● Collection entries
• • • •
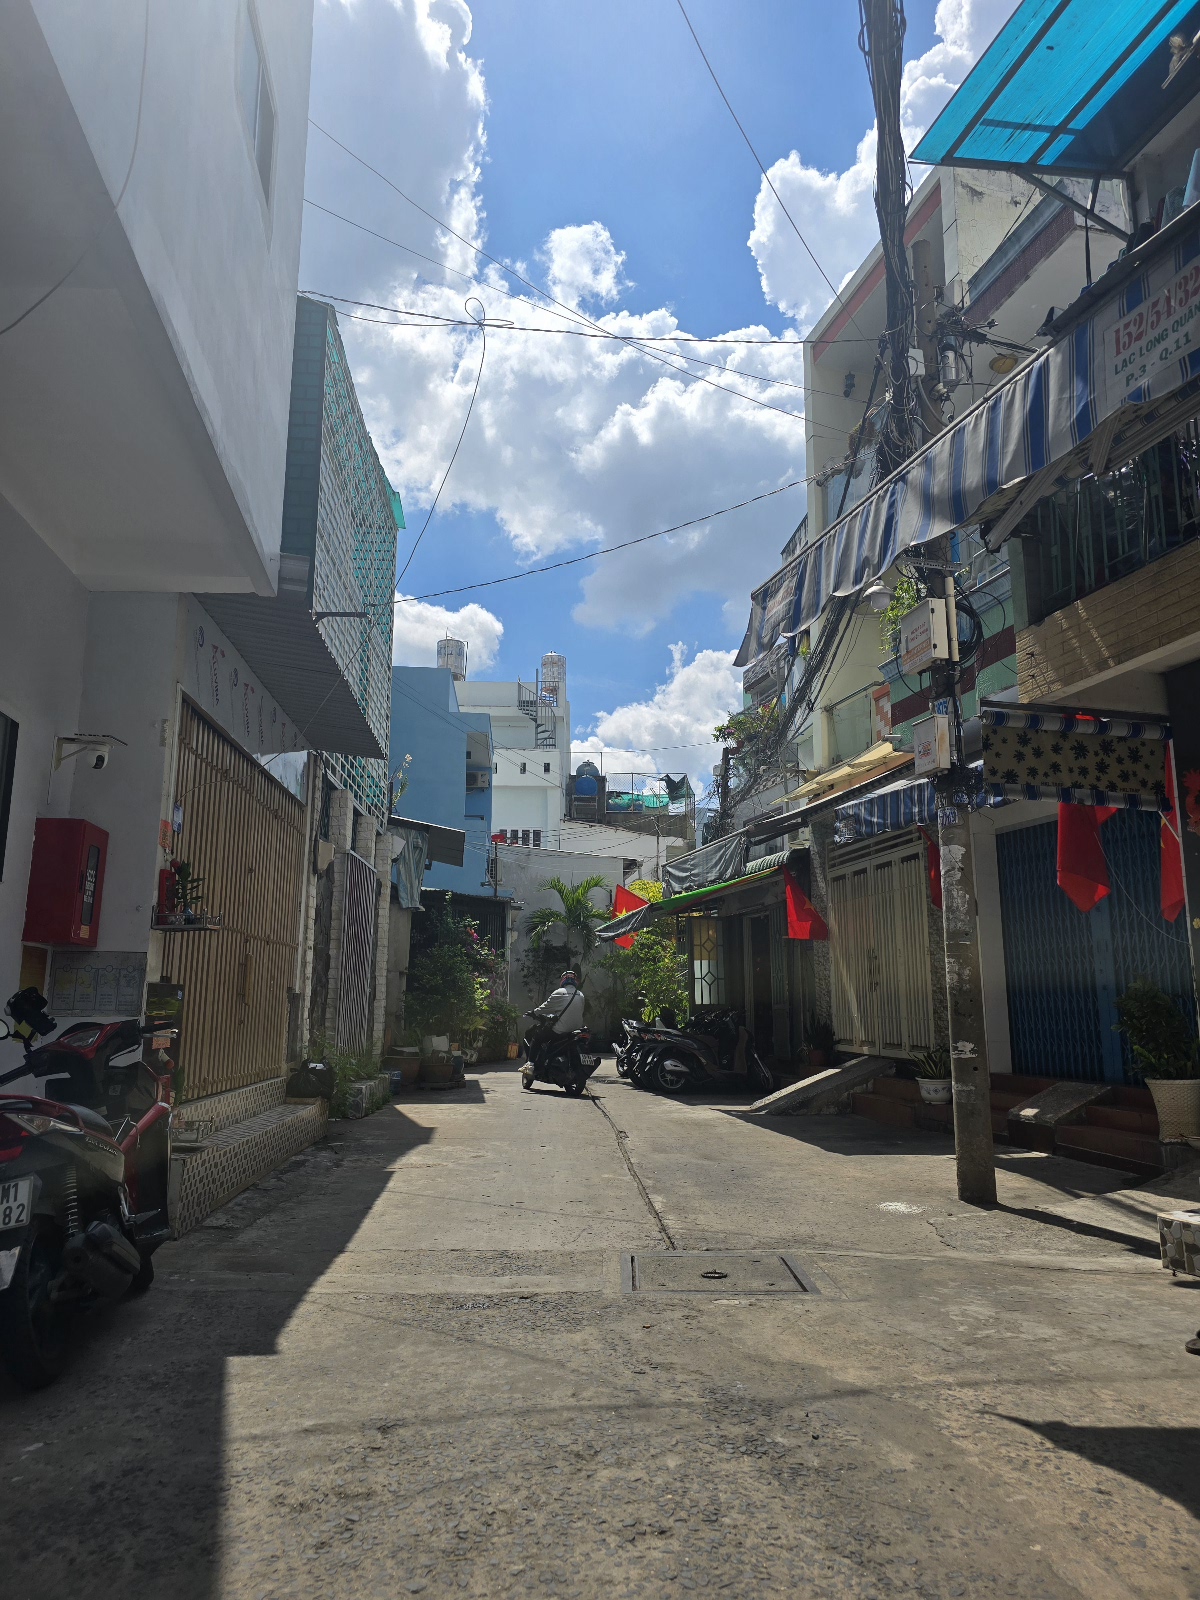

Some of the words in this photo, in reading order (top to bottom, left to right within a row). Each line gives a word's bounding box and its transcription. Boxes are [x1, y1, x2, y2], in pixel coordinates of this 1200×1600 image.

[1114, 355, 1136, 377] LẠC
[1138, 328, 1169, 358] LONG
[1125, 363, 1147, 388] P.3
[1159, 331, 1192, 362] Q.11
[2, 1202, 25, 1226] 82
• • • •
If the data includes images, skip them and copy every line exactly.

● REPLY TO THE EXERCISE
Some of the words in this photo, in reading order (top to bottom, left to right within a row). Each line gives a word's bounding box and its transcription. Boxes are [x1, y1, x2, y2], in pixel coordinates of this 1200×1600 image.

[1114, 355, 1136, 377] LẠC
[1138, 328, 1169, 358] LONG
[1125, 363, 1147, 388] P.3
[1159, 331, 1192, 362] Q.11
[2, 1202, 25, 1226] 82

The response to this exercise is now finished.